» **What this task involves**:
The copy has to match the records word for word and include no pictures.

» **Extracted data**:
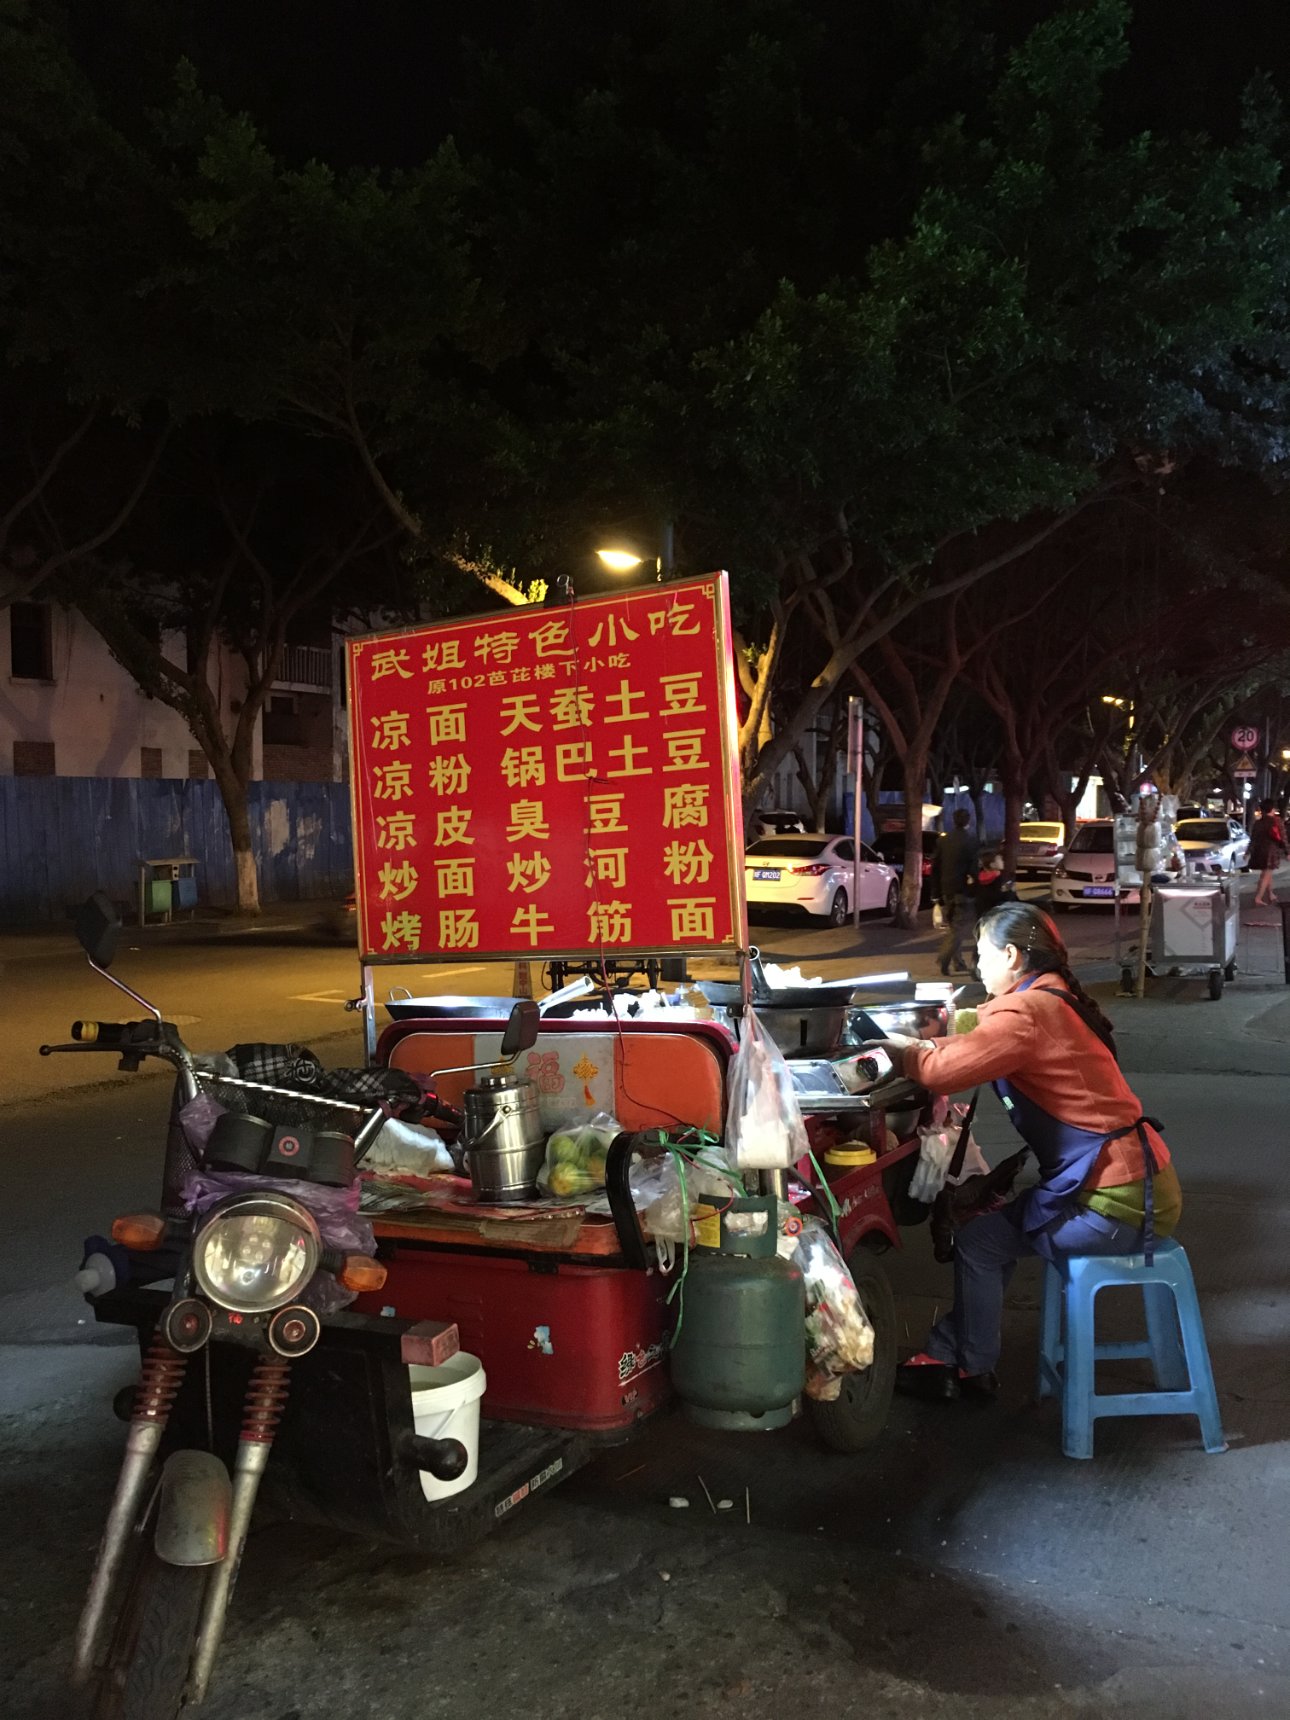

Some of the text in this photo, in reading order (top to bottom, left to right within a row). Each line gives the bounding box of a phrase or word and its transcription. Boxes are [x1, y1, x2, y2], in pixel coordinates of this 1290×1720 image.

[371, 602, 701, 681] 武姐特色小吃
[370, 671, 707, 751] 凉面 天蚕土豆
[1238, 730, 1254, 742] 20
[373, 728, 710, 801] 凉粉 锅巴土豆
[376, 783, 710, 851] 凉皮 臭豆腐
[378, 839, 714, 901] 炒面 炒河粉
[381, 896, 717, 951] 烤肠 牛筋面
[525, 1050, 566, 1094] 福
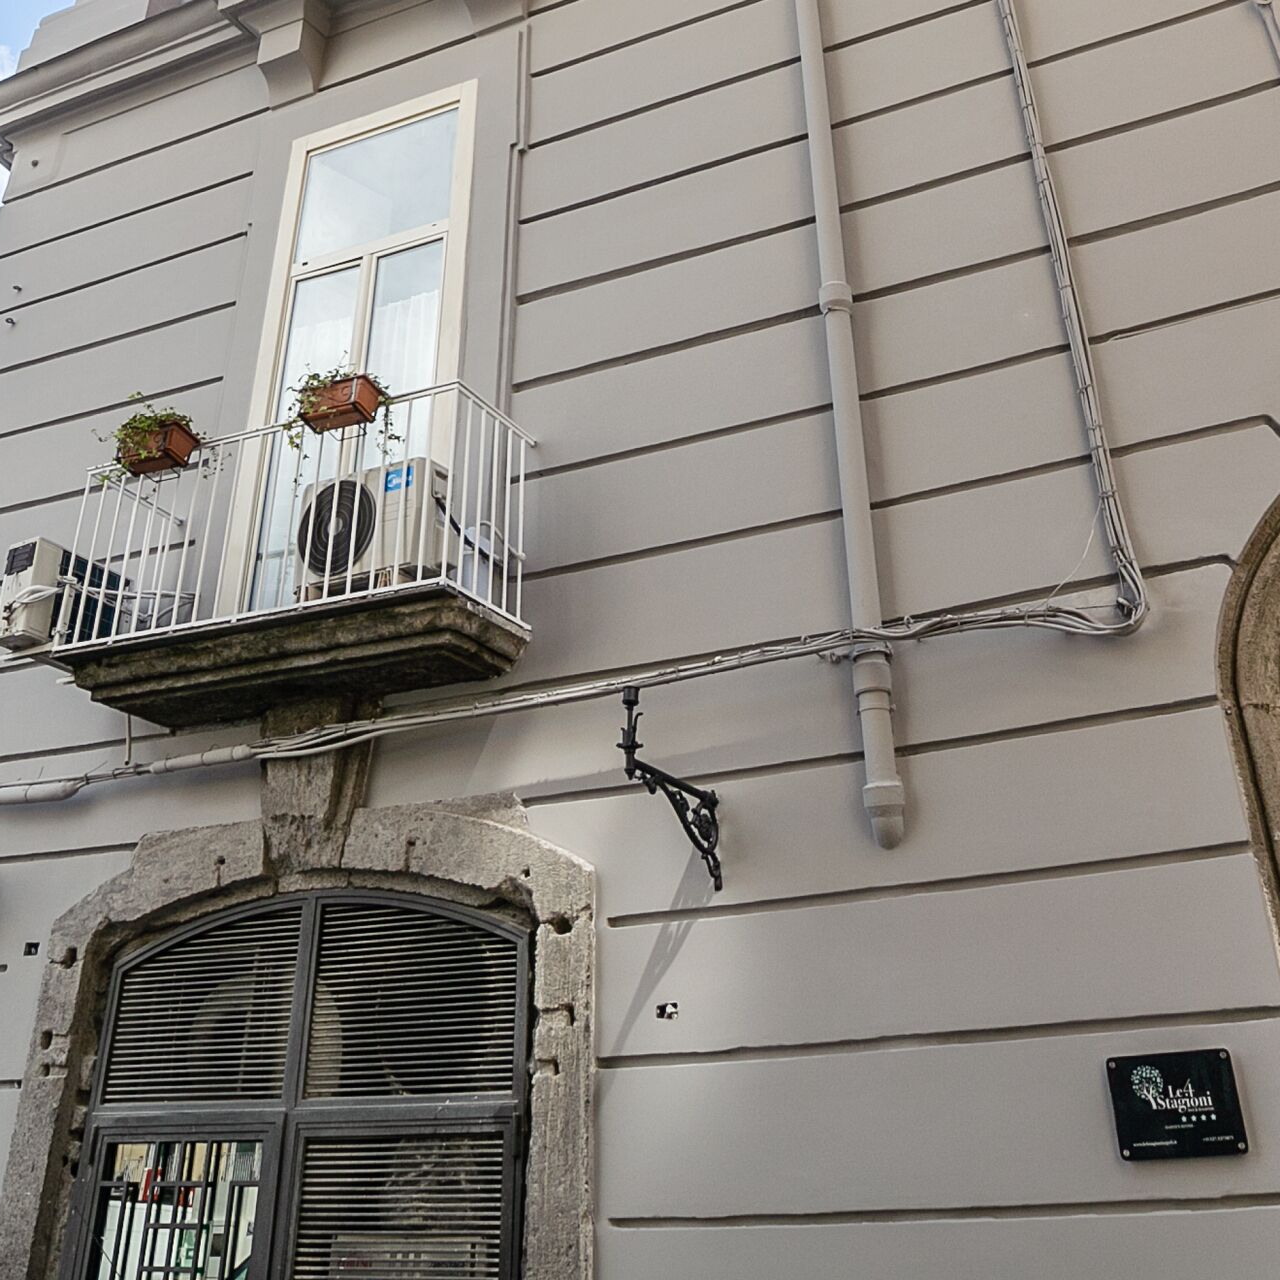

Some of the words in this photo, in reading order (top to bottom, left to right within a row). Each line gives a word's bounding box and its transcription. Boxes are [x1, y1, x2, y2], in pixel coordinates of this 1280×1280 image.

[1167, 1085, 1183, 1099] Le
[1182, 1078, 1195, 1098] 4
[1156, 1090, 1214, 1113] Stagioni

» **Task output**:
Some of the text in this photo, in reading order (top to bottom, left to right within a row). Each line gives the bounding box of a phrase or word and its transcription. Boxes are [x1, y1, x2, y2], in pixel coordinates of this 1290×1720 image.

[371, 602, 701, 681] 武姐特色小吃
[370, 671, 707, 751] 凉面 天蚕土豆
[1238, 730, 1254, 742] 20
[373, 728, 710, 801] 凉粉 锅巴土豆
[376, 783, 710, 851] 凉皮 臭豆腐
[378, 839, 714, 901] 炒面 炒河粉
[381, 896, 717, 951] 烤肠 牛筋面
[525, 1050, 566, 1094] 福

Some of the words in this photo, in reading order (top to bottom, left to right within a row). Each line gives a word's bounding box and its transcription. Boxes are [x1, y1, x2, y2], in pixel coordinates of this 1280×1280 image.

[1167, 1085, 1183, 1099] Le
[1182, 1078, 1195, 1098] 4
[1156, 1090, 1214, 1113] Stagioni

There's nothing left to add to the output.